Dr. Hayashi rushed to the scene.
“Trooper Abbondola had facial trauma, chest trauma, and other orthopedic extremity trauma, but he was conscious,” said Dr. Hayashi. “His vital signs were borderline OK, but then his blood pressure started dropping and he was looking worse and worse.”
Dr. Hayashi had coordinated with the Emergency Department to get blood products on the way to the accident. In the ambulance, he transfused a unit of blood. “By the time we got to the hospital, his vital signs were looking better,” Dr. Hayashi said. “He was more coherent and substantially improved.”

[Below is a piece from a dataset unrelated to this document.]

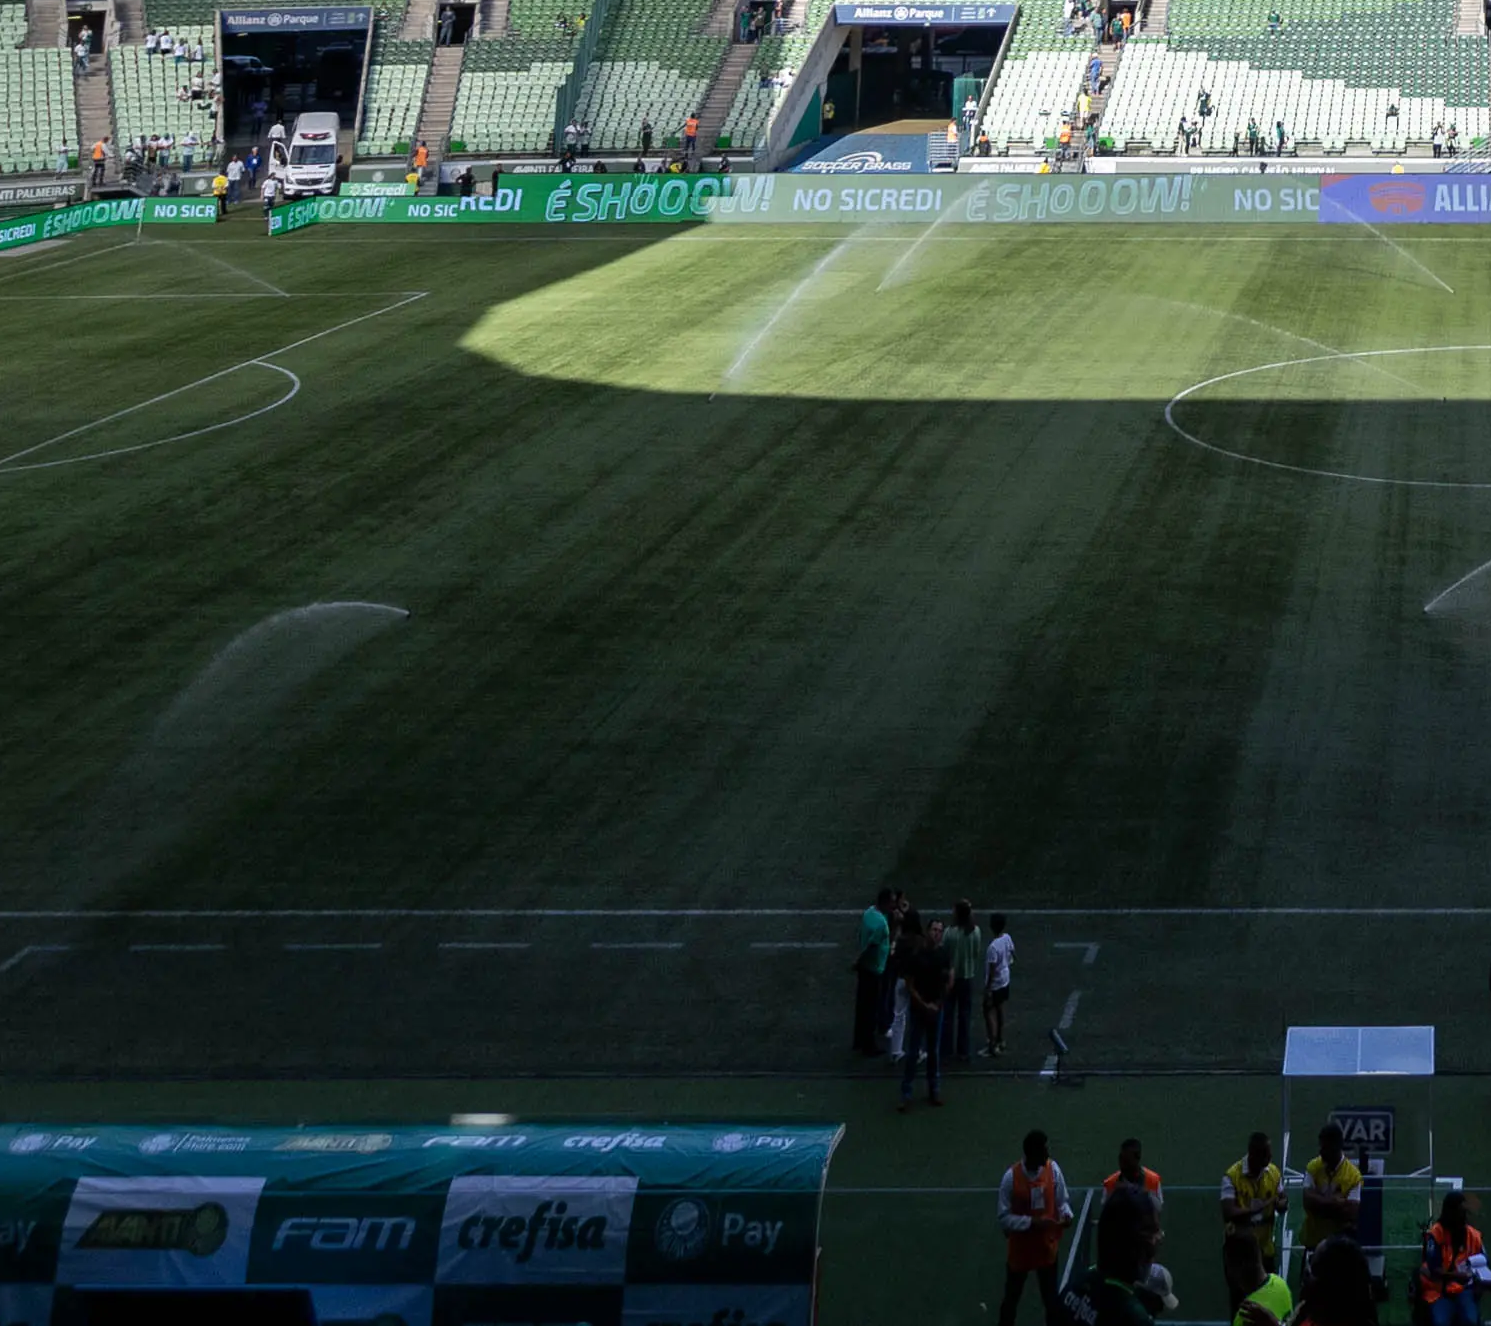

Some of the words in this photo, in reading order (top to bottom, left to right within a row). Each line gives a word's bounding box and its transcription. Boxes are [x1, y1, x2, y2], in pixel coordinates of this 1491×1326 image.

Dr. Hayashi is part of the Department of Emergency Medicine’s Division of Prehospital and Operational Medicine team, which provides medical care to patients before they reach a hospital, including during transport. He has been recognized for his quick responses on location at medical emergencies from resuscitations, to treating entrapped patients, to amputations.

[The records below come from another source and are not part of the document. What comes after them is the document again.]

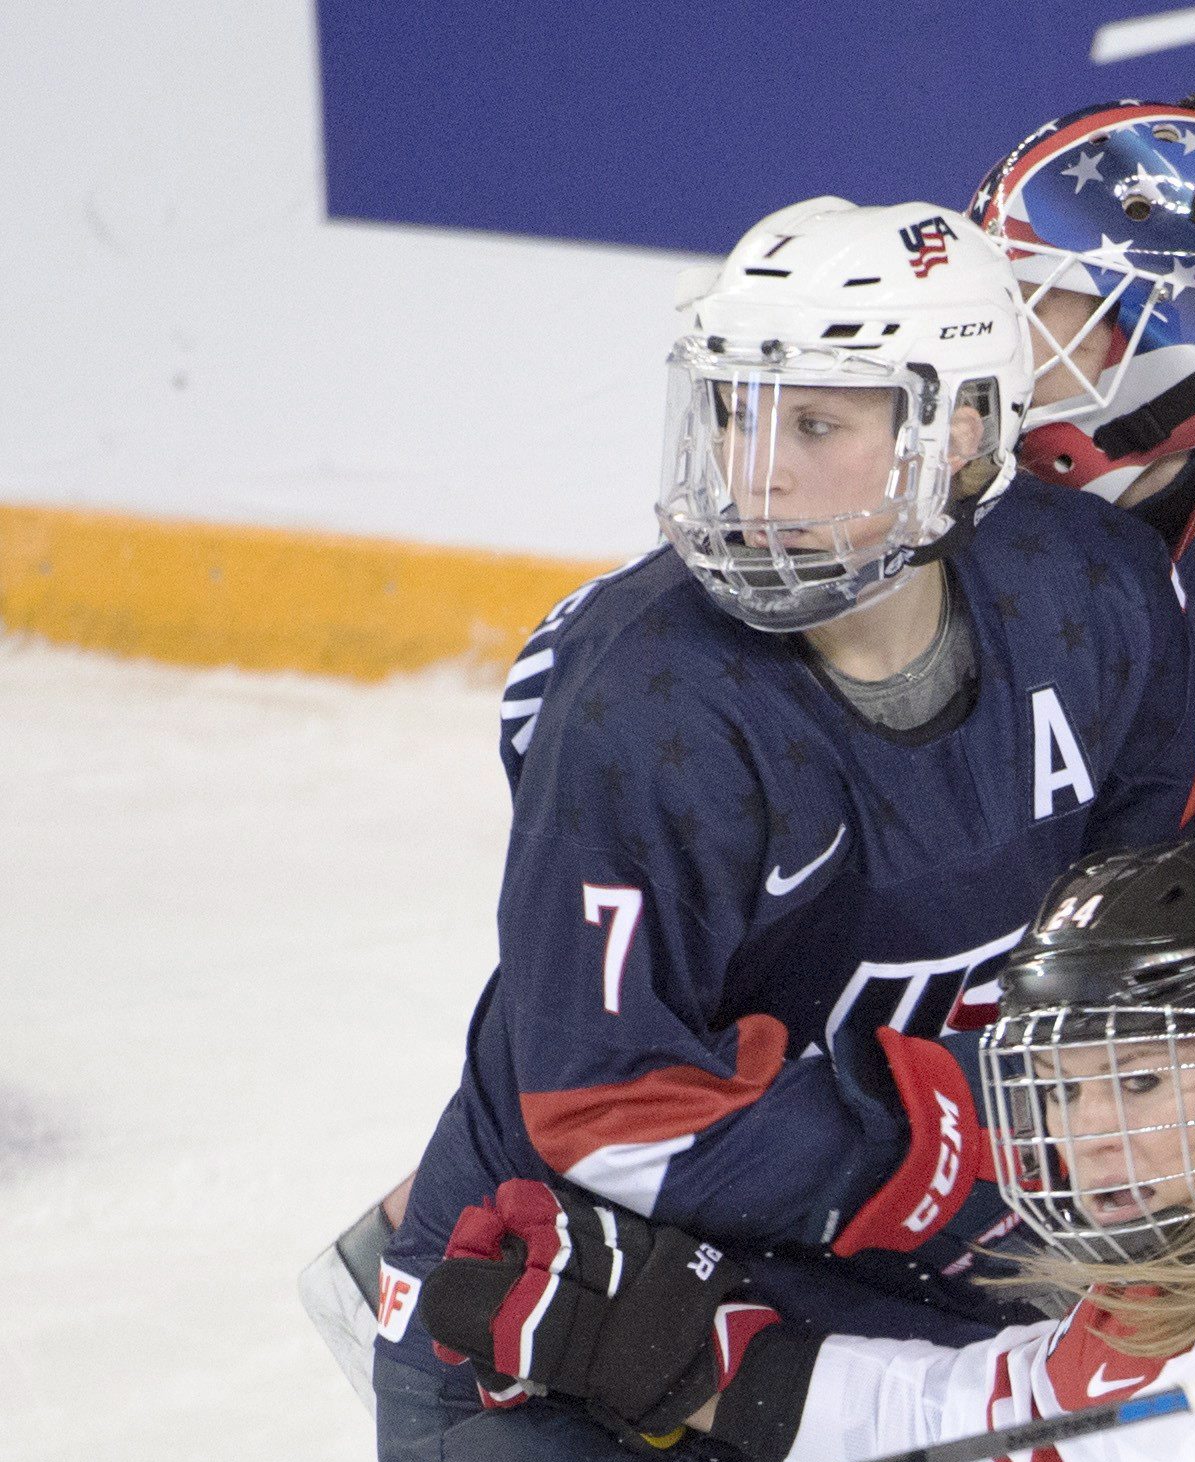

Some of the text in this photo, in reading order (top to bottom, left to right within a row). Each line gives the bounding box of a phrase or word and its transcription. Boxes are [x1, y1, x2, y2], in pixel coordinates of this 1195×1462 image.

[940, 320, 994, 340] CCM
[1032, 687, 1095, 820] A
[582, 881, 643, 1015] 7
[1045, 894, 1104, 931] 24
[902, 1088, 963, 1233] CCM
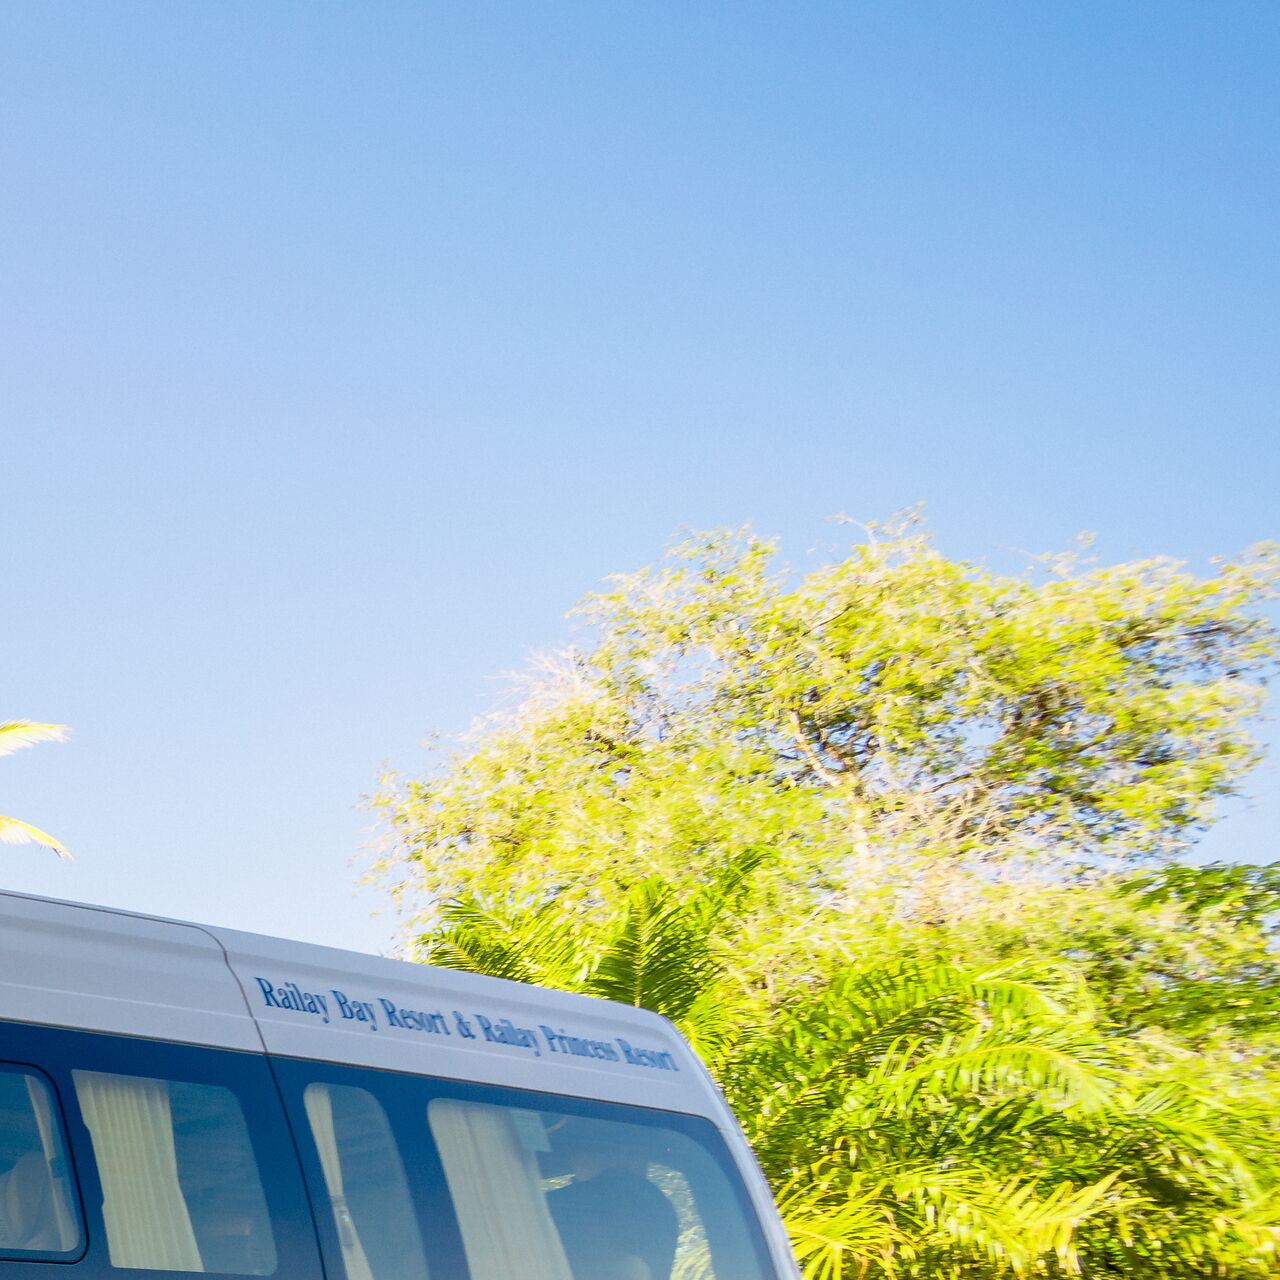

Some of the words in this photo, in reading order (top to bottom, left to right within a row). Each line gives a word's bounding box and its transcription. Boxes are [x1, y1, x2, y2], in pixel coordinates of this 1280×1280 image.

[255, 977, 328, 1023] Railay
[330, 989, 378, 1032] Bay
[379, 998, 450, 1036] Resort
[452, 1010, 476, 1039] &
[477, 1014, 541, 1057] Railay
[540, 1025, 620, 1062] Princess
[615, 1038, 680, 1072] Resort

“Having Dr. Hayashi on-scene and later in the ED was tremendously valuable, both in his ability to administer and coordinate advanced life-saving medical care, and his ability to help obtain critical information for my chain of command in real time,” said State Police Captain John L. Duro. He said Dr. Hayashi was also able to help answer questions related to the criminal and administrative investigation, mandatory for such incidents.
Road to Recovery
“When a trauma patient comes in, there are many potential needs from various specialties and subspecialties they can only get here,” said Ernest Chisena, MD, a fellowship-trained trauma surgeon. For example, a trauma patient could need orthopedic surgery, neurosurgery, vascular surgery, and plastic surgery, a combination only available at Albany Medical Center.
Trooper Abbondola remembers waking up in the Intensive Care Unit, seeing his parents and his captain.
“I knew where I was and what happened, but I don’t think I knew how badly I was hurt,” he said. He was unable to move his legs and couldn’t feel his face due to a broken orbital.
Trooper Abbondola sustained broken ribs, vertebrae, left scapula, right femur and ulna; a fractured pelvis and dislocated elbow; torn ligaments in his left leg; black eyes, facial cuts, and road rash on both legs.
He spent the next month at Albany Medical Center, the region’s only Level 1 Trauma Center. The first surgery repaired his arm, stabilizing it with a metal rod, then on to his femur. The next was for his left knee and its ligaments.
“I was really nervous,” Trooper Abbondola said, but he felt at ease with orthopedic surgeon Daniel Phelan, MD: his father is a retired state trooper.
He commends his care team, from the first responders to his unit floor nurses. “Everyone went above and beyond to take care of me, to make me comfortable,” he said. “I knew I was in the right place to get better and move on.”
When it came time for his discharge to a rehabilitation facility, hospital staff and State Troopers lined the halls from his room all the way to the hospital entrance at New Scotland and Myrtle avenues, applauding him and his recovery. It was a powerful, emotional show of support.
“I had not expected that many people to be there,” he said, touched that his nurses also joined law enforcement officers for his sendoff.
“Every patient who comes through our trauma bay had their lives changed in an instant,” said Dr. Chisena. “Our goal is to get them back to the life they had before the accident.”
In the months since leaving rehab, Trooper Abbondola has been continuing physical therapy and regaining his strength. He has every intention of returning to his full duties—a motivation shared by his Albany Med team.
“I want to get back on the road. I didn’t have much time on the force, and it’s what I have always wanted to do.”